(Spatial localization data)
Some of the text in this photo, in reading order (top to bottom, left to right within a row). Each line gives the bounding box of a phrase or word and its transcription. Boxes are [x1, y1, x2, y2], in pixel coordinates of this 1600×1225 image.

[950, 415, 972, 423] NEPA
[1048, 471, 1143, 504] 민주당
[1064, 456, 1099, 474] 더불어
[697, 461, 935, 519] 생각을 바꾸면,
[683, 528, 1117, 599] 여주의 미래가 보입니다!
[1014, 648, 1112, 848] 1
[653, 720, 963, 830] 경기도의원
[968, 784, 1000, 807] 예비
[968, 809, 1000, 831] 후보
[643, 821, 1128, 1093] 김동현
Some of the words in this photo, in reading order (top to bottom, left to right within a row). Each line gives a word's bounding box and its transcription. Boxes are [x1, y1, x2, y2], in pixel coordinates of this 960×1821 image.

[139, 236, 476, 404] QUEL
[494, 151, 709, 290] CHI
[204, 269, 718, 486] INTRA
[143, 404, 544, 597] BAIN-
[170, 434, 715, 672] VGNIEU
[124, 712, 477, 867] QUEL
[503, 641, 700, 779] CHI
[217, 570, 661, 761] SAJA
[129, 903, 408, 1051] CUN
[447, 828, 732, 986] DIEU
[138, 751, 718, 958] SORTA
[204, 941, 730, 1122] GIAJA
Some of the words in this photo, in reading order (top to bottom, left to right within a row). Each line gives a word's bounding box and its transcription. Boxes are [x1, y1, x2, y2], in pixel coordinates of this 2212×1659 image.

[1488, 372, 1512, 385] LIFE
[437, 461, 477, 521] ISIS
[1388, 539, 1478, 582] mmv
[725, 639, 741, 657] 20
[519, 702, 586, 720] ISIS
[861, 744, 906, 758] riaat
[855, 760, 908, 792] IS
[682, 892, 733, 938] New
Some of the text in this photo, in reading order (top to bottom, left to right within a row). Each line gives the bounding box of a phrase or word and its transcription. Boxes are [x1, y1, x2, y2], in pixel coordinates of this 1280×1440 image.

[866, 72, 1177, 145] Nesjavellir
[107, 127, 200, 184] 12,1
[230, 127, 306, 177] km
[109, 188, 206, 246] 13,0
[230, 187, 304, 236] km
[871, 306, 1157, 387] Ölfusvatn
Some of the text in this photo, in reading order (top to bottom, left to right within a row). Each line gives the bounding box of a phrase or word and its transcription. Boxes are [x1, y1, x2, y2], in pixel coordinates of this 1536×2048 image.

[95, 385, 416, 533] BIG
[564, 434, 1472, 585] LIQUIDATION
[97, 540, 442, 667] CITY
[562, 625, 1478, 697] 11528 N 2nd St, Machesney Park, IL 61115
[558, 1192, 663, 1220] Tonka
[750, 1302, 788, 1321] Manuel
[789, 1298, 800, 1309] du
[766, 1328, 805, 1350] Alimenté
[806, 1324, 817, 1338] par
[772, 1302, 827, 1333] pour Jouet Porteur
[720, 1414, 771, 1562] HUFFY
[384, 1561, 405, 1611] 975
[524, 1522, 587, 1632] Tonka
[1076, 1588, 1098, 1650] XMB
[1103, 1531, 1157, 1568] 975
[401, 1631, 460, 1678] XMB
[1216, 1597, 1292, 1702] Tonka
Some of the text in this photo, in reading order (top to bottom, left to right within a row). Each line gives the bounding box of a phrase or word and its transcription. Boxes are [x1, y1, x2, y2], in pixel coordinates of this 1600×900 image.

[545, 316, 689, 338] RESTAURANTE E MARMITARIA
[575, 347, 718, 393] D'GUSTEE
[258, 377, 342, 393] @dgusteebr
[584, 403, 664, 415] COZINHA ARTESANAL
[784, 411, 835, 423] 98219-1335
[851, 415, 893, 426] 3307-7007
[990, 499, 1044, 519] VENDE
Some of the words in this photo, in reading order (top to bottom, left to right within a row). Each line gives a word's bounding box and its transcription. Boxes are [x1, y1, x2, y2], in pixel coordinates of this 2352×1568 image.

**Activity:** Output the records once more, exactly as they stand.

**Task answer:**
Some of the text in this photo, in reading order (top to bottom, left to right within a row). Each line gives the bounding box of a phrase or word and its transcription. Boxes are [x1, y1, x2, y2], in pixel coordinates of this 1600×1225 image.

[950, 415, 972, 423] NEPA
[1048, 471, 1143, 504] 민주당
[1064, 456, 1099, 474] 더불어
[697, 461, 935, 519] 생각을 바꾸면,
[683, 528, 1117, 599] 여주의 미래가 보입니다!
[1014, 648, 1112, 848] 1
[653, 720, 963, 830] 경기도의원
[968, 784, 1000, 807] 예비
[968, 809, 1000, 831] 후보
[643, 821, 1128, 1093] 김동현
Some of the words in this photo, in reading order (top to bottom, left to right within a row). Each line gives a word's bounding box and its transcription. Boxes are [x1, y1, x2, y2], in pixel coordinates of this 960×1821 image.

[139, 236, 476, 404] QUEL
[494, 151, 709, 290] CHI
[204, 269, 718, 486] INTRA
[143, 404, 544, 597] BAIN-
[170, 434, 715, 672] VGNIEU
[124, 712, 477, 867] QUEL
[503, 641, 700, 779] CHI
[217, 570, 661, 761] SAJA
[129, 903, 408, 1051] CUN
[447, 828, 732, 986] DIEU
[138, 751, 718, 958] SORTA
[204, 941, 730, 1122] GIAJA
Some of the words in this photo, in reading order (top to bottom, left to right within a row). Each line gives a word's bounding box and its transcription. Boxes are [x1, y1, x2, y2], in pixel coordinates of this 2212×1659 image.

[1488, 372, 1512, 385] LIFE
[437, 461, 477, 521] ISIS
[1388, 539, 1478, 582] mmv
[725, 639, 741, 657] 20
[519, 702, 586, 720] ISIS
[861, 744, 906, 758] riaat
[855, 760, 908, 792] IS
[682, 892, 733, 938] New
Some of the text in this photo, in reading order (top to bottom, left to right within a row). Each line gives the bounding box of a phrase or word and its transcription. Boxes are [x1, y1, x2, y2], in pixel coordinates of this 1280×1440 image.

[866, 72, 1177, 145] Nesjavellir
[107, 127, 200, 184] 12,1
[230, 127, 306, 177] km
[109, 188, 206, 246] 13,0
[230, 187, 304, 236] km
[871, 306, 1157, 387] Ölfusvatn
Some of the text in this photo, in reading order (top to bottom, left to right within a row). Each line gives the bounding box of a phrase or word and its transcription. Boxes are [x1, y1, x2, y2], in pixel coordinates of this 1536×2048 image.

[95, 385, 416, 533] BIG
[564, 434, 1472, 585] LIQUIDATION
[97, 540, 442, 667] CITY
[562, 625, 1478, 697] 11528 N 2nd St, Machesney Park, IL 61115
[558, 1192, 663, 1220] Tonka
[750, 1302, 788, 1321] Manuel
[789, 1298, 800, 1309] du
[766, 1328, 805, 1350] Alimenté
[806, 1324, 817, 1338] par
[772, 1302, 827, 1333] pour Jouet Porteur
[720, 1414, 771, 1562] HUFFY
[384, 1561, 405, 1611] 975
[524, 1522, 587, 1632] Tonka
[1076, 1588, 1098, 1650] XMB
[1103, 1531, 1157, 1568] 975
[401, 1631, 460, 1678] XMB
[1216, 1597, 1292, 1702] Tonka
Some of the text in this photo, in reading order (top to bottom, left to right within a row). Each line gives the bounding box of a phrase or word and its transcription. Boxes are [x1, y1, x2, y2], in pixel coordinates of this 1600×900 image.

[545, 316, 689, 338] RESTAURANTE E MARMITARIA
[575, 347, 718, 393] D'GUSTEE
[258, 377, 342, 393] @dgusteebr
[584, 403, 664, 415] COZINHA ARTESANAL
[784, 411, 835, 423] 98219-1335
[851, 415, 893, 426] 3307-7007
[990, 499, 1044, 519] VENDE
Some of the words in this photo, in reading order (top to bottom, left to right within a row). Each line gives a word's bounding box and its transcription. Boxes are [x1, y1, x2, y2], in pixel coordinates of this 2352×1568 image.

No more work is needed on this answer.